Nieman Foundation at Harvard
HOME
          
LATEST STORY
Rumble Strip creator Erica Heilman on making independent audio and asking people about class
ABOUT                    SUBSCRIBE
Jan. 12, 2012, 2:30 p.m.

What would a Google News Plus Your World look like?

If Google wants to add a personal component to discovering the world’s information, it shouldn’t be long till Google News gets more social.

How soon until we get a Google News “Plus Your World?”

With the introduction of the oddly extraterrestrial-sounding Google “Search Plus Your World”, the company proclaimed their latest experiment is “transforming Google into a search engine that understands not only content, but also people and relationships.” The world of search gets split up and re-filtered through the things Google knows you like and information from the people around you.

Now, since the announcement there’s been much controversy over how “the things Google knows you like” seems to be driven almost entirely by Google+, not larger competitors Facebook and Twitter, which has led to cries for an antitrust inquiry.
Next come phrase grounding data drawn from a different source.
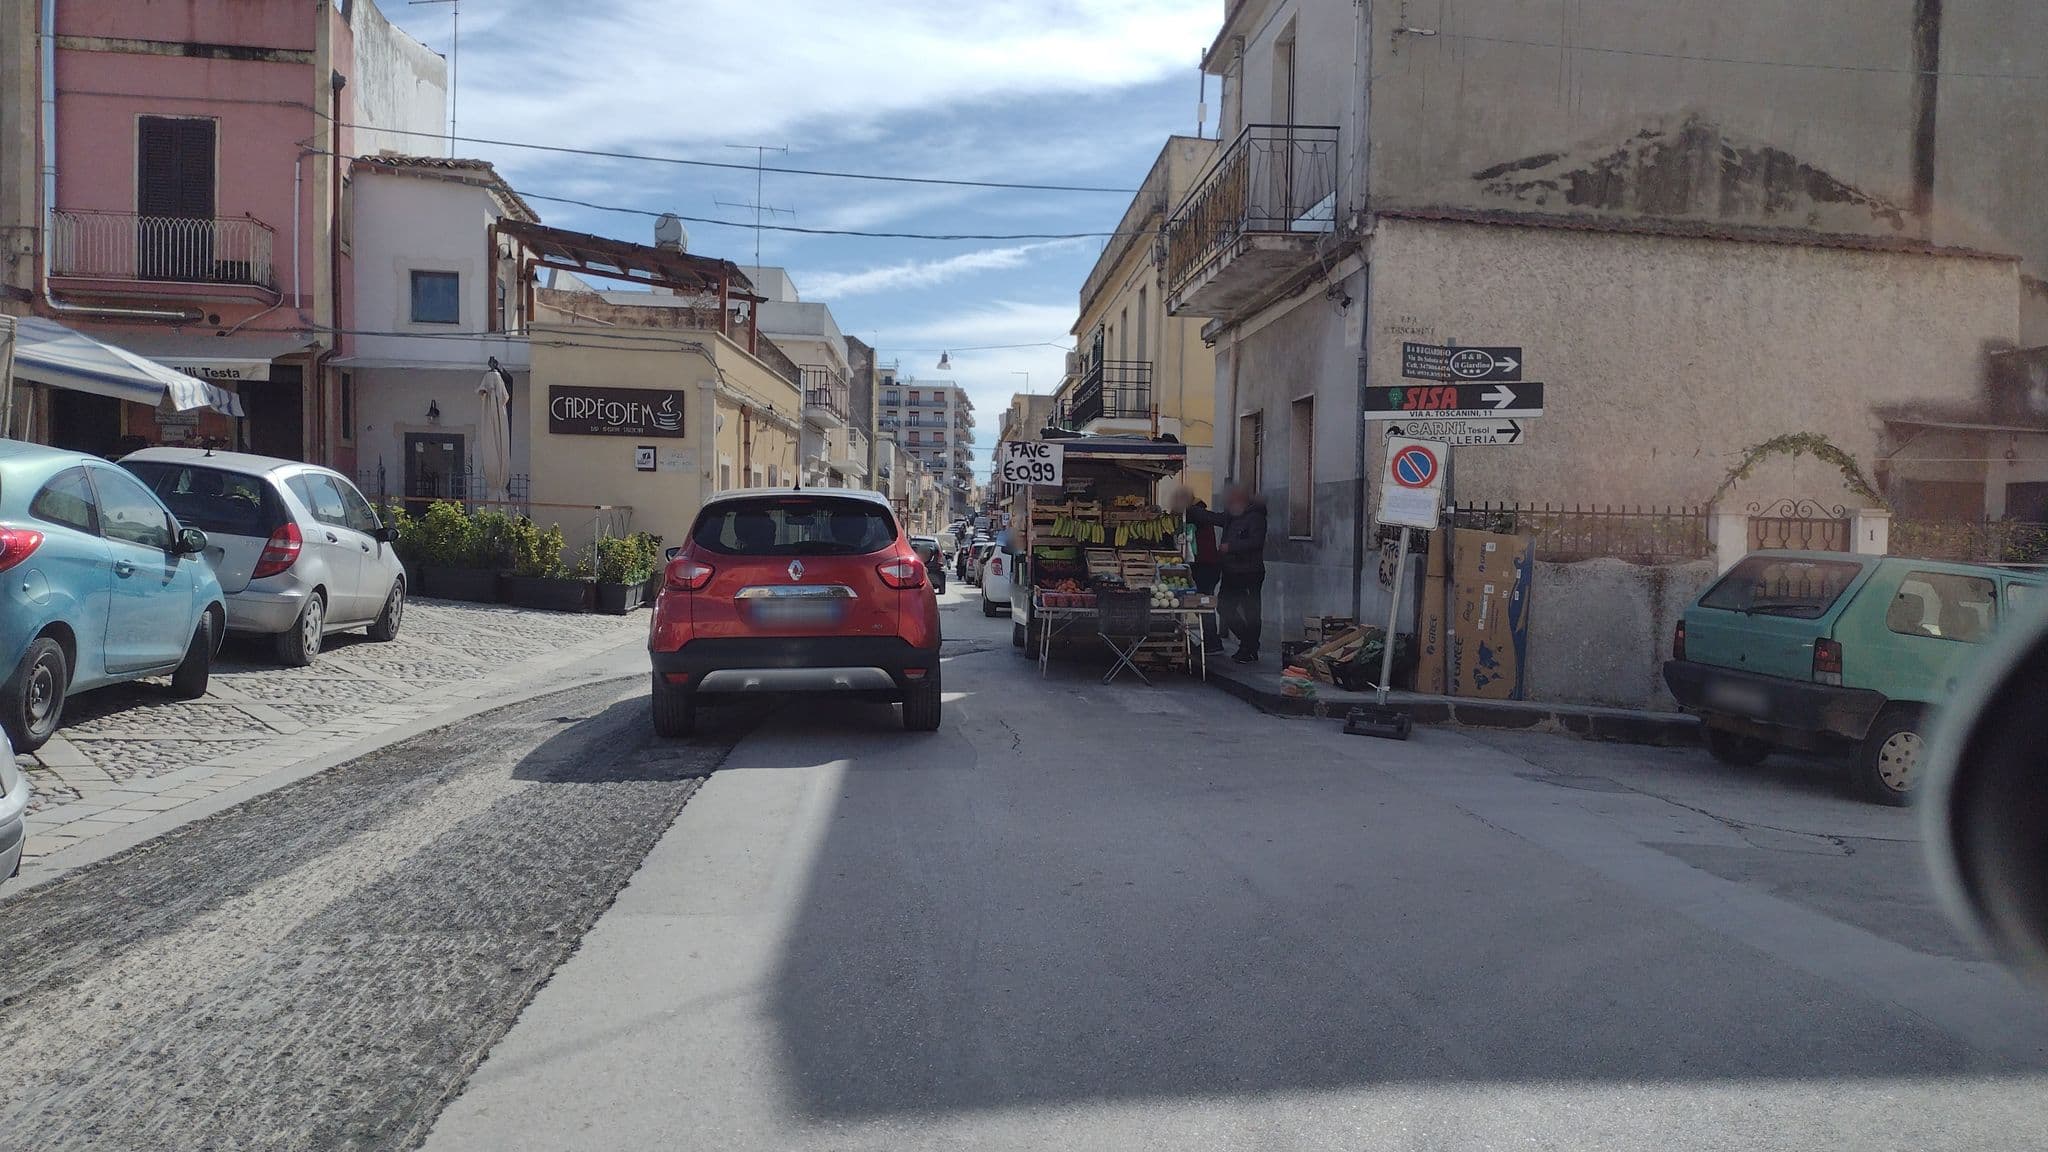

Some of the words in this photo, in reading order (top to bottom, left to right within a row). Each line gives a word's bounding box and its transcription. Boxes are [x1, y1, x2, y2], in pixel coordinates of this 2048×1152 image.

[202, 368, 240, 378] Testa
[1403, 387, 1457, 410] SISA
[1407, 422, 1466, 435] CARNI
[1009, 441, 1050, 458] FAVE
[1004, 461, 1055, 482] €0,99
[1429, 614, 1438, 644] GREE
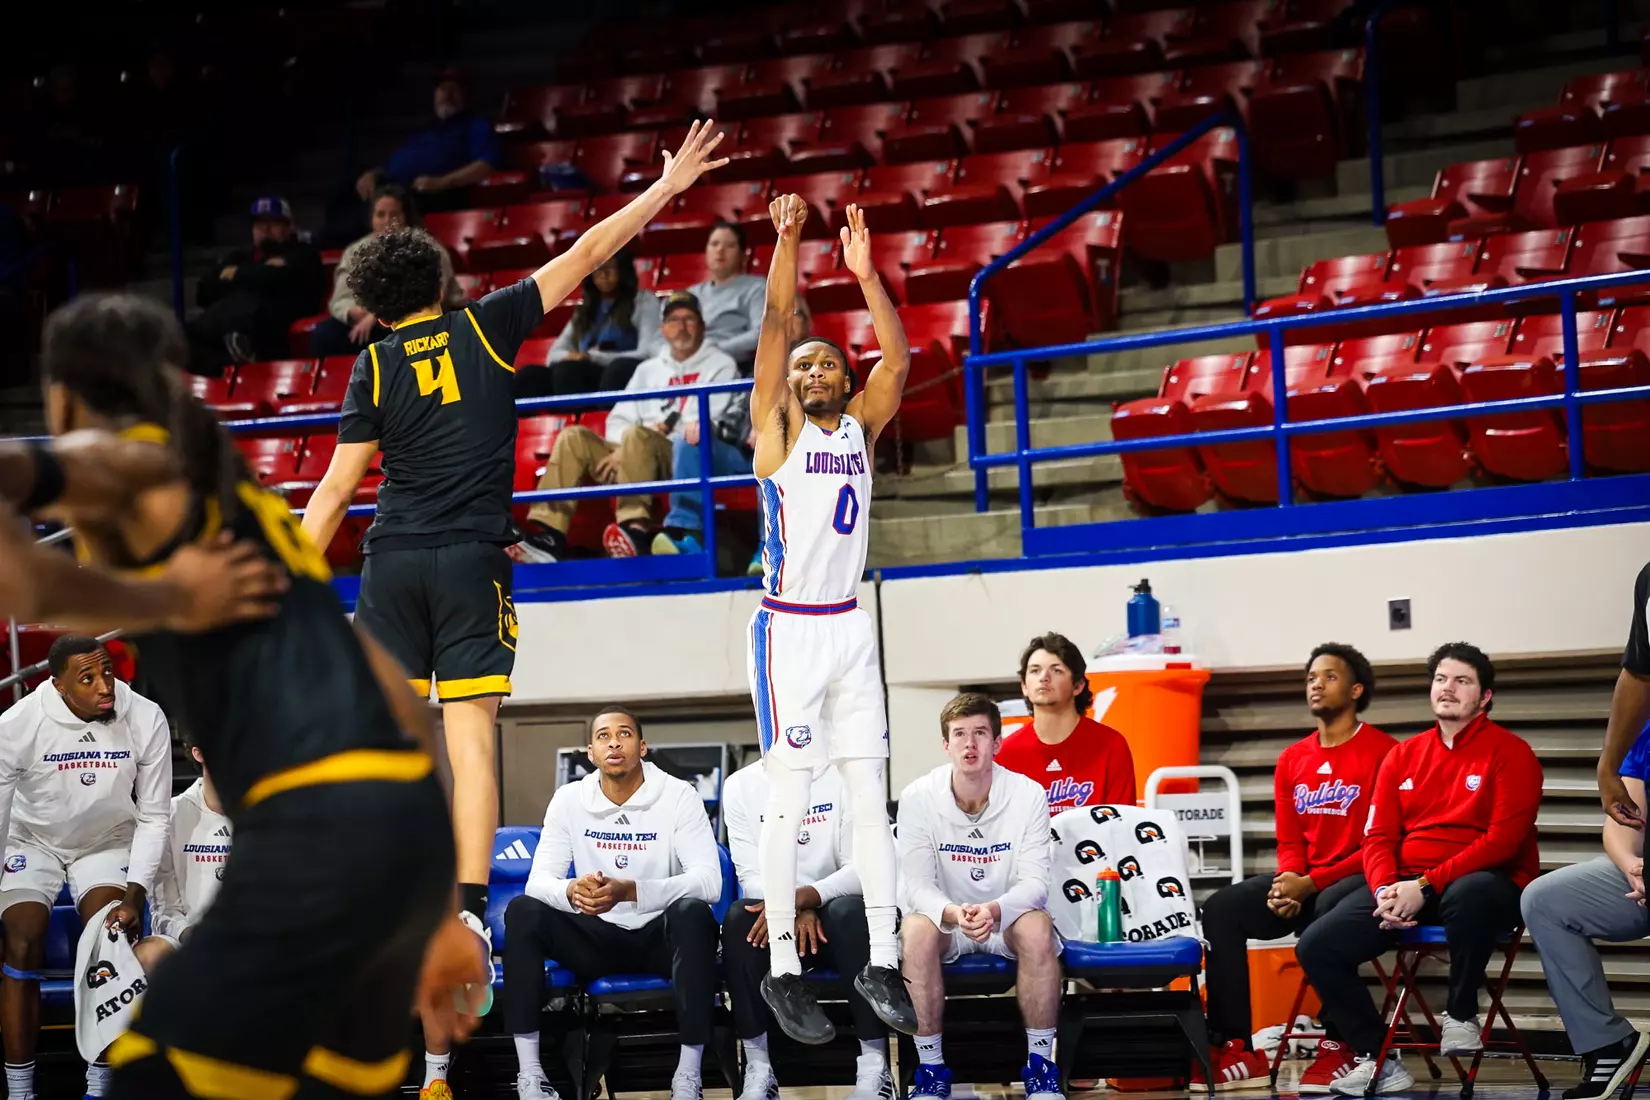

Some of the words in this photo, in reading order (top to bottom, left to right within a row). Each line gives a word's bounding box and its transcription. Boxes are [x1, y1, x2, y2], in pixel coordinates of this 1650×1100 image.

But let’s set that aside for a moment and think about what the underlying idea of Search Plus Your World could mean for Google News.

Here’s what we know of how Search Plus Your World works:

1. Personal Results, which enable you to find information just for you, such as Google+ photos and posts—both your own and those shared specifically with you, that only you will be able to see on your results page;

2. Profiles in Search, both in autocomplete and results, which enable you to immediately find people you’re close to or might be interested in following; and,

3. People and Pages, which help you find people profiles and Google+ pages related to a specific topic or area of interest, and enable you to follow them with just a few clicks. Because behind most every query is a community.

Let’s say you were interested in Republican frontrunner Mitt Romney. Taking the normal route through Google News, you’d most likely try searching for “mitt romney” or click on the newly added Elections header and get links to stories from usual suspects like USA Today, The Wall Street Journal, The New York Times, and more.

If you dropped a “Search Plus” layer to that, what might you expect? If your Google+ friends are sharing stories about Romney, they might get shoved to the top. That would likely mean they’d be more closely aligned to your friends’ political perspectives; your liberal friends are probably sharing anti-Romney pieces, your conservative ones pro-Romney ones. (Well, unless they’re conservatives who don’t like Romney, but that’s another issue.) You might also see individual Google+ pages from Romney, other G.O.P. candidates — and maybe even the G+ pages of individual reporters who are covering the campaign and writing some of the stories you’re being shown.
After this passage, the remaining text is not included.